Task >> Transcribe the data exactly, pictures excluded.

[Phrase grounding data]

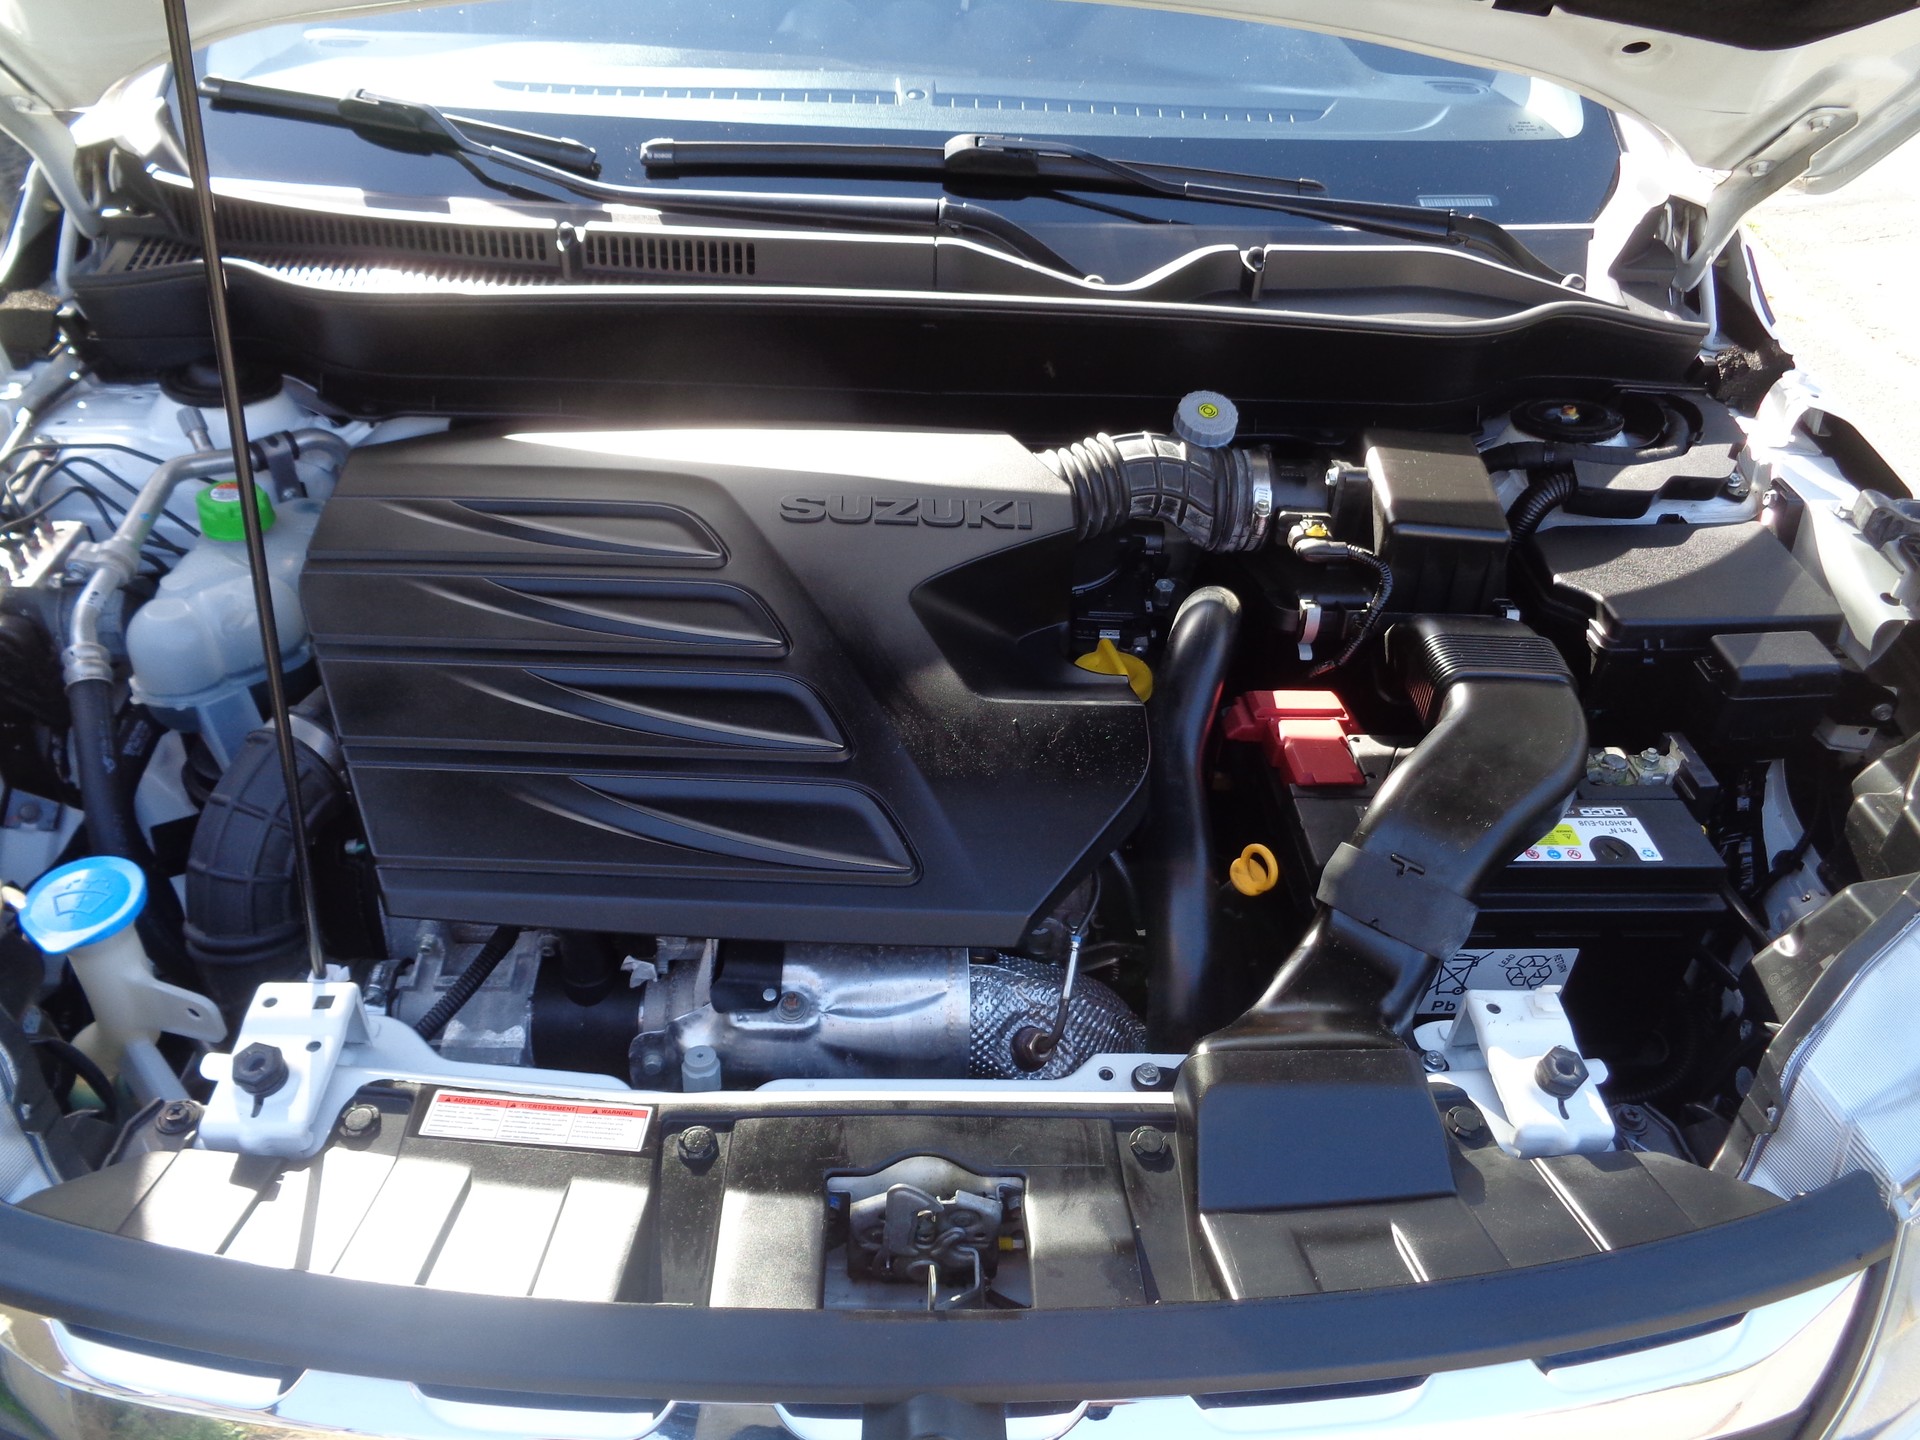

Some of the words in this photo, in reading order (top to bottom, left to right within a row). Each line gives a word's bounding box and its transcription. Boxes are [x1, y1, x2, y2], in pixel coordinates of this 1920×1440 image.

[780, 494, 1033, 529] SUZUKI
[1498, 953, 1516, 968] LEAD
[1554, 953, 1568, 973] RETURN
[1431, 1000, 1456, 1012] Pb
[453, 1097, 500, 1106] ADVERTENCIA
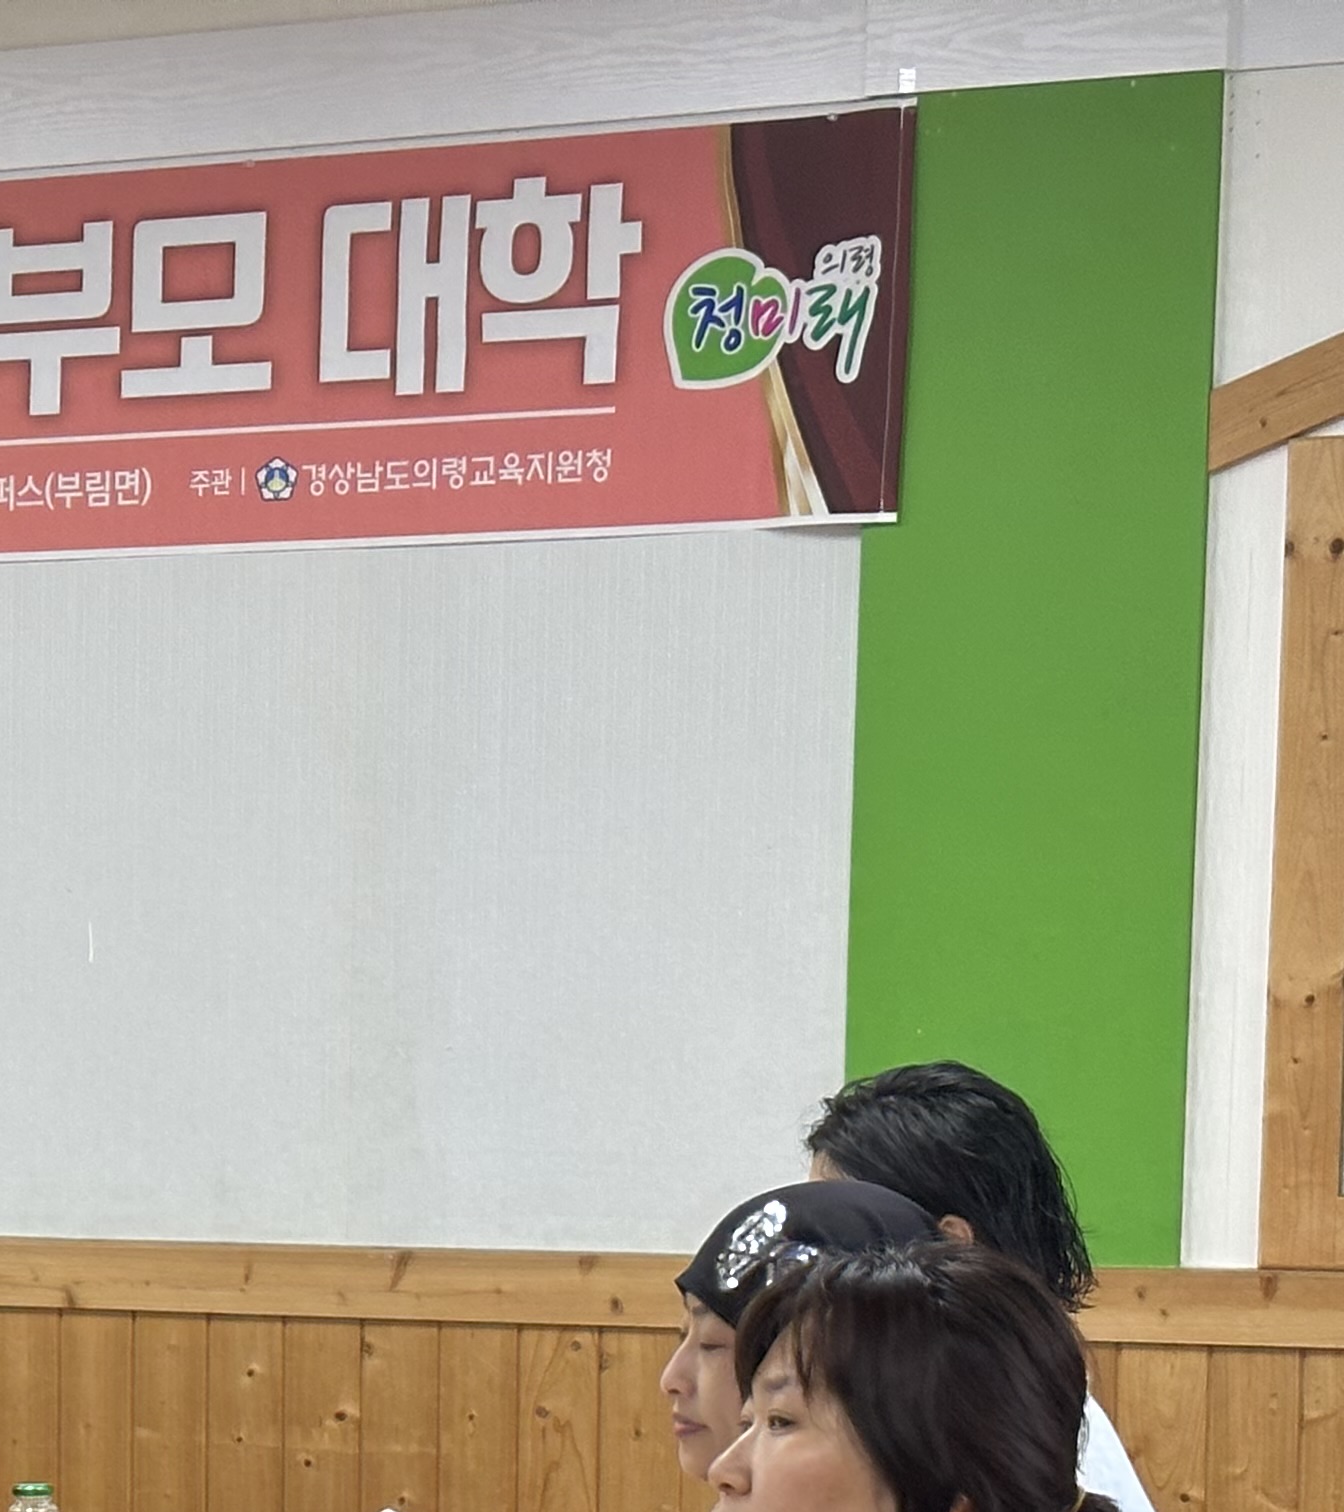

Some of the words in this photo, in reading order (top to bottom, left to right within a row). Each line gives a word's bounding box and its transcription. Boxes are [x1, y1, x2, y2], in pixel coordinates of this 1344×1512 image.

Task response >>
Some of the words in this photo, in reading order (top to bottom, left to right within a row). Each line gives a word's bounding box and its transcription. Boxes are [x1, y1, x2, y2], in pixel coordinates of this 1920×1440 image.

[780, 494, 1033, 529] SUZUKI
[1498, 953, 1516, 968] LEAD
[1554, 953, 1568, 973] RETURN
[1431, 1000, 1456, 1012] Pb
[453, 1097, 500, 1106] ADVERTENCIA

Some of the words in this photo, in reading order (top to bottom, left to right within a row). Each line gives a word's bounding box and its transcription. Boxes are [x1, y1, x2, y2], in pixel coordinates of this 1344×1512 image.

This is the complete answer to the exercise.